I guess I’d better explain the Bolt Factory significance, in case I decide to share this blog. We live within a quarter of a mile of an EPA designated toxic site that has been cleaned up. Trouble is, we lived here all the years it was contaminating the area with heavy metals. Now I’m having neurological problems. In our little neighborhood there has been a high incidence of Alzheimer’s, Parkinson’s Disease, and all kinds of cancers. My own mother died of Alzheimer’s Disease. On the other hand, my Daddy is 101, and the lady across the street just passed away at 100.
So, for what it’s worth, I really do need to remember to tell Dr. S about where we live. All the information about the heavy metals that were found here are on the Internet, with the kinds of problems they can cause.
There’s something about Sunday that just exhausts me. It starts with the special Sunday breakfast with Daddy. That takes more standing on my feet than the normal one does, but it’s part of his routine, and I don’t want to change that. Another thing that contributes to my problems on Sunday is the shoes. They don’t give me any support. By the time I’ve walked from the car to the SS room, I’m completely exhausted. I do get awfully nervous teaching, although it was better yesterday. D will be teaching full time, starting Sept. 1, so I won’t have that to stress me out any more, except for substituting when she’s sick. That’s for the best, I’m sure.
I sit at home all day long, so I don’t know why sitting in church should tire me out, but it seems to. The pews just aren’t as comfortable, I guess. Anyway, I end up taking a nap every Sunday afternoon, just worn out. I didn’t even feel like driving DH to Deacon’s Meeting yesterday, so he took me to Daddy’s and then came to get me and took me home before he went back for church last night.
My legs, shoulders, and neck were hurting by nine o’clock last night and I had the beginnings of a headache, so DH set up the vibrating pillow and I took 2 of his Tylenol arthritis pills and went to sleep for the night. I feel better this morning.
I’ve been waiting for six weeks to see Dr. S to find out what he thinks is wrong with my legs. I tried to remember everything I could that he might possibly need to know about my past history. I still forgot to tell him about the Bolt Factory and the functional dysphonia diagnosis I had before I quit teaching. I also forgot to tell him that I taught Chemistry for a few years, but I really don’t think that has anything to do with it at all. I did give his nurse my notes about that when we took the old back films to them. But I’m still forgetting to tell them about Uncle Bill!!
He did the kinds of hammering around that I expected and said that I definitely had diminished responses in my legs, but the upper body responses seemed normal. He was sorry that the EMG I had already had did not include any tests of the upper body and wants to repeat that test. He watched me walk, asked DH if I were that slow with everything I did, which I’m not. I did tell him I feel the shakes at times with my hands. I definitely have trouble handling pills and money, and my memory is not as good as it used to be, either, but then I’m not as young as I used to be, either.
I told him about the MRI Dr. Stan had done years ago that showed increased CSF pressure and the negative Babinski test, so he wants a repeat of the brain MRI.
He showed us what a Parkinson’s walk typically looks like, and that’s not what I’m doing. I’m not walking like the typical Peripheral Neuropathy either, so that’s the puzzle of it. I told him about my concerns that it might be psychosomatic from worrying about DD so much and being with her through all her PN hospitalizations. He said that would be the diagnosis of last resort, if I understood him correctly.
Anyway, now I’m trying to be patient while HealthSpring takes their beaurocratic time processing the request for a brain MRI and a repeat of the EMG to include the upper body as well. He wants to do a series of blood tests, too, to check for B12 deficiency and toxic metals I’m guessing.
I liked him and I have confidence in him.
I thought I’d give the new Beta Blogger a try with a new blog about my problems using my legs. You’ll see me trying different templates and doodads as I fiddle with this new system. From time to time I may do a post about what I’m trying out with the beta.
But mainly, I wanted a place to talk about the strange goings on with my walking. Just a little background material.

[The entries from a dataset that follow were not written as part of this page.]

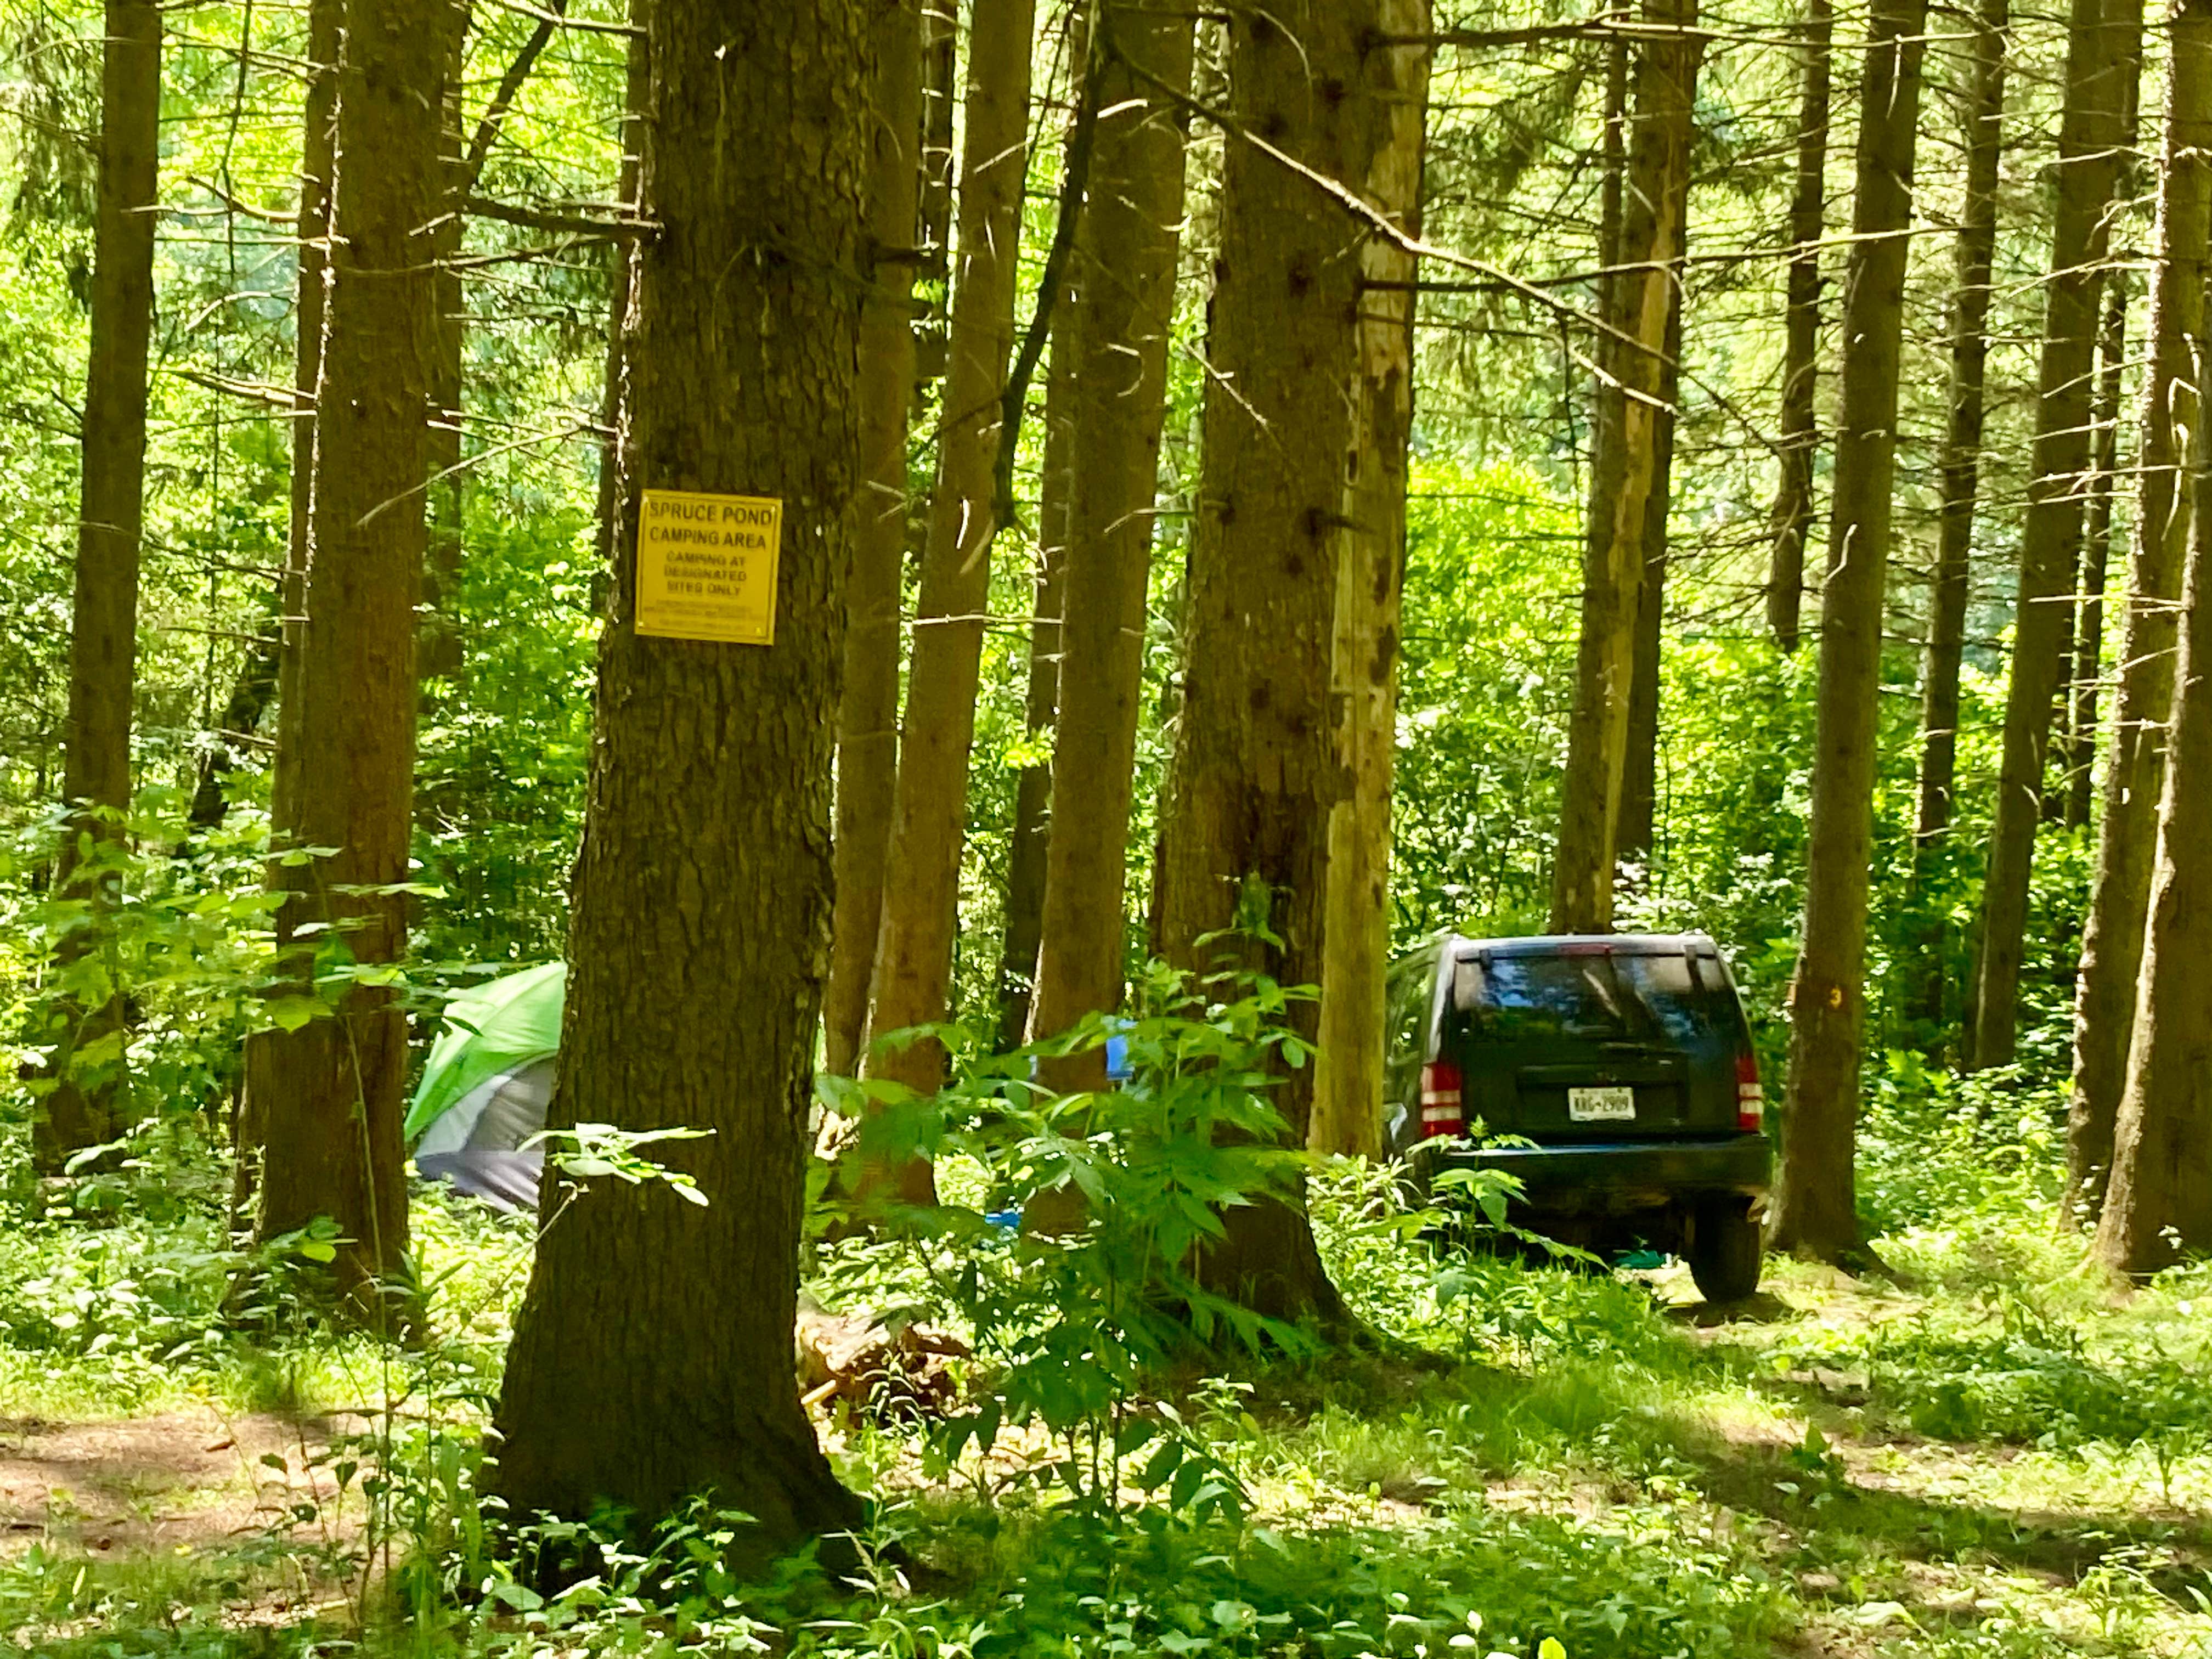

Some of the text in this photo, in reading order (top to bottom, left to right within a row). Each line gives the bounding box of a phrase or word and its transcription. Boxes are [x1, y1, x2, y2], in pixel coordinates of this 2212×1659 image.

[649, 501, 772, 526] SPRUCE POND
[650, 527, 766, 550] CAMPING AREA
[666, 550, 747, 567] CAMPING AT
[664, 566, 747, 582] DESIGNATED
[667, 581, 741, 596] SITES ONLY

I do have an old herniated lumbar disk that flares up and causes trouble from time to time, and I have spurs on some cervical vertebrae that also give me fits at times. I’ve had numerous epidurals over the years for both. There have been several episodes when my back was hurting, as it was this last year, when the sciatic nerve was involved, where I had trouble walking. Every other time, the walking improved and went back to normal with time when the back healed. It didn’t happen that way this time.

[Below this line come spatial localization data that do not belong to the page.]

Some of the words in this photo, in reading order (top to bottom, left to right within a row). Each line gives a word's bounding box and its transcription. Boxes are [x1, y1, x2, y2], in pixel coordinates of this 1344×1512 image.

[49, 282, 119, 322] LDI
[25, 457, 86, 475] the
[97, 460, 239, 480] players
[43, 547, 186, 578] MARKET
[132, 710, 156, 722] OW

After the series of epidurals took care of the back pain in April, I still have not been able to take a normal step. Every step is like picking up lead weights, and it’s all I can do to move my feet. There’s no pain, but it doesn’t take much walking to exhaust me completely. So, mostly I’ve been sitting and working on the computer for the last few months, waiting for doctor’s appointments, first with the orthopedist, then with the EMG tech, and now with the best Neurologist we could find.